Photo Jean-Frédéric Hanssens

Carola Rackete est devenue le symbole contemporain de l’activisme sérieux, réfléchi, souriant et inébranlable en faveur des droits humains. Avec simplicité et réalisme, elle explique qu’elle n’a fait que respecter le droit international maritime en recueillant, sur son Sea-Watch 3, des migrants en perdition sur la mer Méditerranée. Et que ce droit prime sur les autres et même le droit national doit s’incliner devant lui. Donc, Matteo Salvini, le ministre de l’Intérieur italien de l’époque, ne pouvait que pérorer et inonder les réseaux sociaux de son fiel, il devait s’incliner devant ce devoir de sauver des humains menacés de mort et de les amener sur la terre ferme. Ce qu’elle fit en accostant à Lampedusa, après une longue attente avec 42 personnes sauvées à son bord. Elle fut arrêtée mais la justice ne pouvait que la libérer.

« J’ai seulement voulu sauver des êtres humains. Je ne pensais pas aux conséquences de cet acte. La priorité était la vie de ces gens au moment où je prenais la décision. J’ai juste fait mon devoir, je devais le faire. », explique-t-elle.

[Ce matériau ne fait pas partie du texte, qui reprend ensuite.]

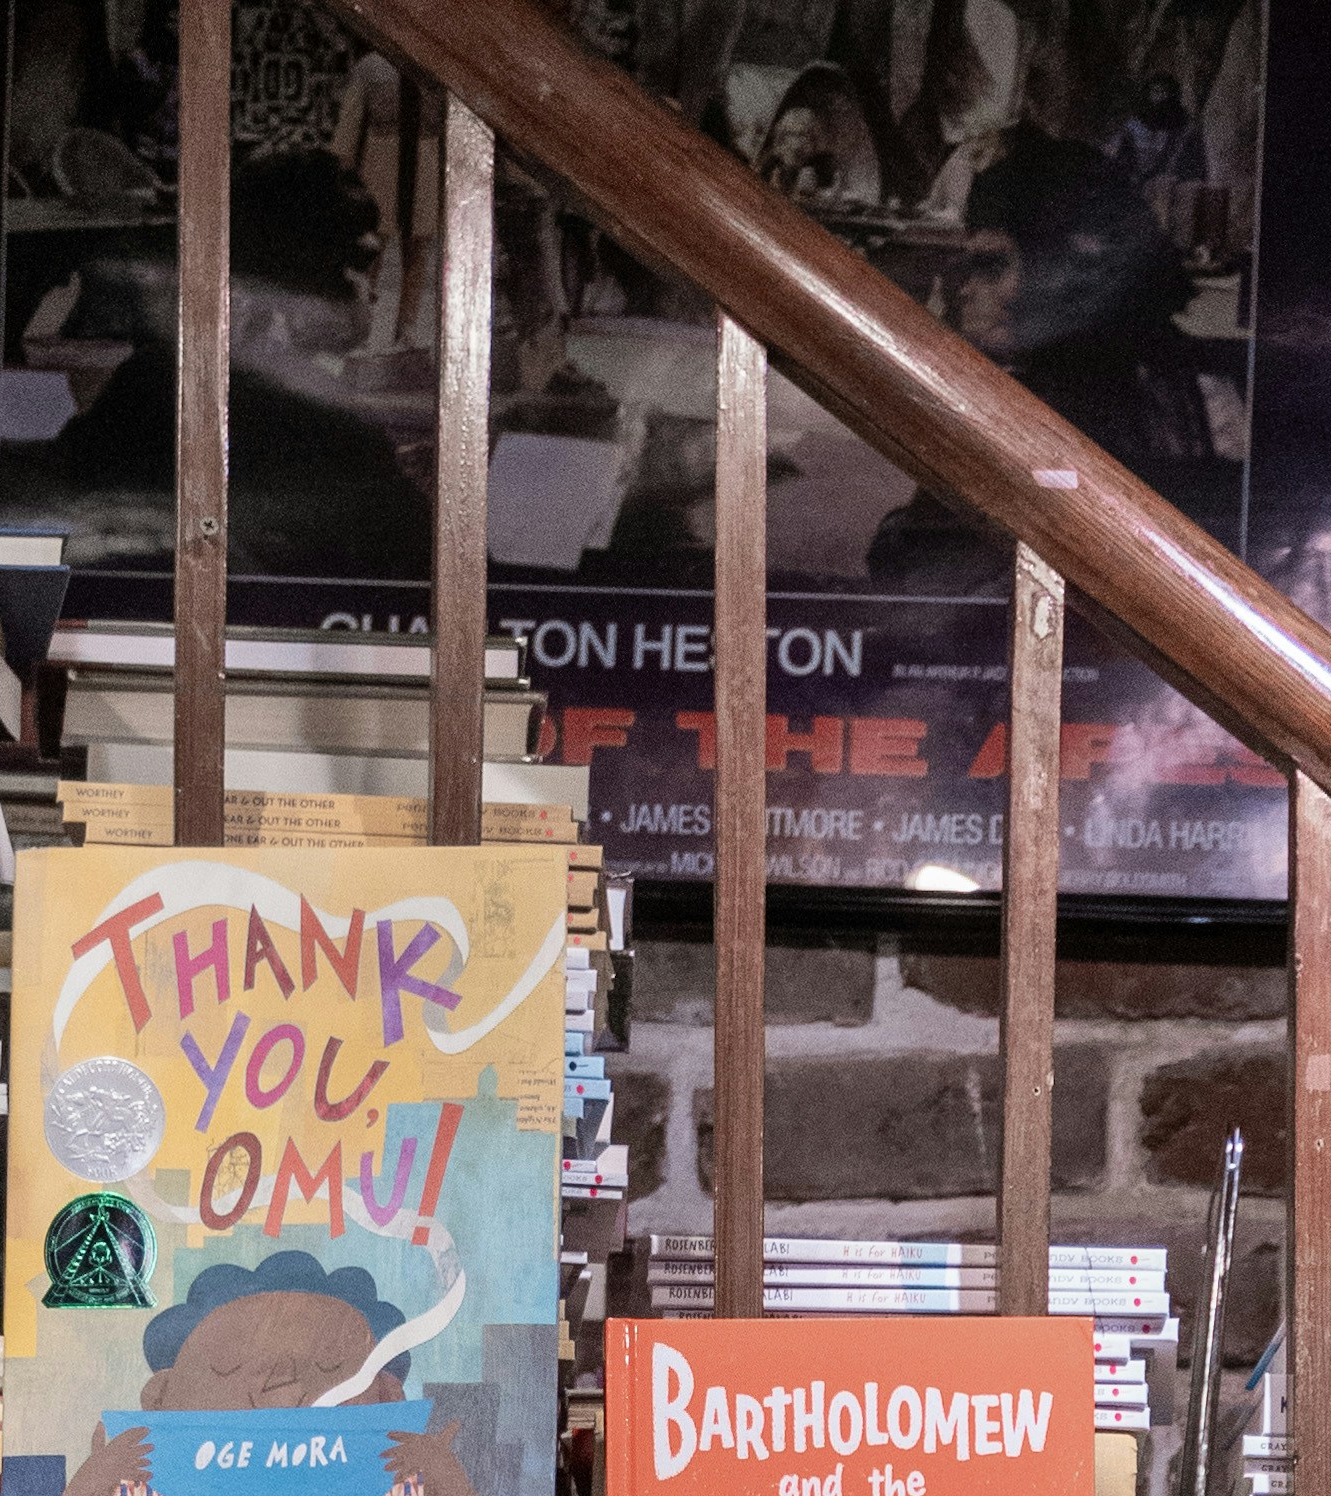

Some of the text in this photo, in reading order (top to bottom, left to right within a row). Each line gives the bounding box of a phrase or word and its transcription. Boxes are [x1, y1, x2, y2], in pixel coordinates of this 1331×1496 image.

[71, 891, 463, 1047] THANK
[179, 1011, 388, 1133] YOU,
[199, 1102, 463, 1247] OMU!
[194, 1436, 347, 1470] OGE MORA
[651, 1341, 1053, 1480] BARTHOLOMEW

Que faisait l’Union européenne pendant ce temps, à part discourir sur ses valeurs ? Elle fermait ses frontières, elle érigeait des barbelés, elle arrêtait les opérations de sauvetage et interdit encore et toujours aux navires de sauvetage de remplir leur mission, décrit-elle. Ce qui fait que des migrants se noient en mer, observés par les avions autorisés à surveiller les zones de passage. Et des migrants sont rejetés vers les côtes libyennes par des garde-côtes libyens équipés et payés par l’Union européenne. Des migrants dont on connaît pourtant le sort effroyable qui les attend en Libye.

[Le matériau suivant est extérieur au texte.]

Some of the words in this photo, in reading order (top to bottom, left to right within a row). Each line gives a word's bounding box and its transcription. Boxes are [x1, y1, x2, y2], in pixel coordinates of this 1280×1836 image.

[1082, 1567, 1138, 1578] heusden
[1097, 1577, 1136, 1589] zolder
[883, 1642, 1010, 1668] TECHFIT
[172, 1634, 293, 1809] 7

Et surtout, ce que souligne Carola, c’est le danger de cette déshumanisation croissante dans nos pays, elle devient « normale », elle alimente le racisme ambiant.

« Est-ce qu’on réalise vraiment ce qu’il se passe ? », demande-t-elle. « Beaucoup de gens travaillent, se mobilisent pour les réfugiés, les migrants, mais il leur semble que rien ne change au point de vue social. » Or, en effet, il s’agit à présent de lier les questions humanitaires aux questions climatiques. Il faut une nécessaire convergence des luttes. « Le système économique accroît massivement la pauvreté. Cela provoque la lutte pour la survie dans le monde entier. Les migrants sont-ils juste des migrants économiques ? Ils fuient les inégalités mondiales. Et nous aussi nous sommes responsables et même complices car nous avons failli à trouver des solutions à ce problème. » Et d’évoquer la militarisation croissante de l’Europe.

Humour magique de Magid Magid !

Une Europe dont la politique est détaillée de manière très critique mais avec humour et grands sourires par Magid Magid, deuxième invité de cette soirée enthousiasmante. Un phénomène très applaudi par la salle, et pour cause, ce jeune homme arborant casquette jaune et vêtements genre rappeur est un réfugié somalien en Grande Bretagne, devenu Lord-maire de Sheffield l’année passée puis parlementaire européen lors des dernières élections. Il représente le Parti vert de l’Angleterre et du Pays de Galles. Il représente surtout la politique telle qu’on voudrait qu’elle soit : dynamique, participative, directe car « tout le monde peut agir selon ses capacités », voyez « Extinction Rebellion » mais attention, il vaut mieux utiliser la non-violence car les Etats disposent de bien plus de moyens violents pour riposter !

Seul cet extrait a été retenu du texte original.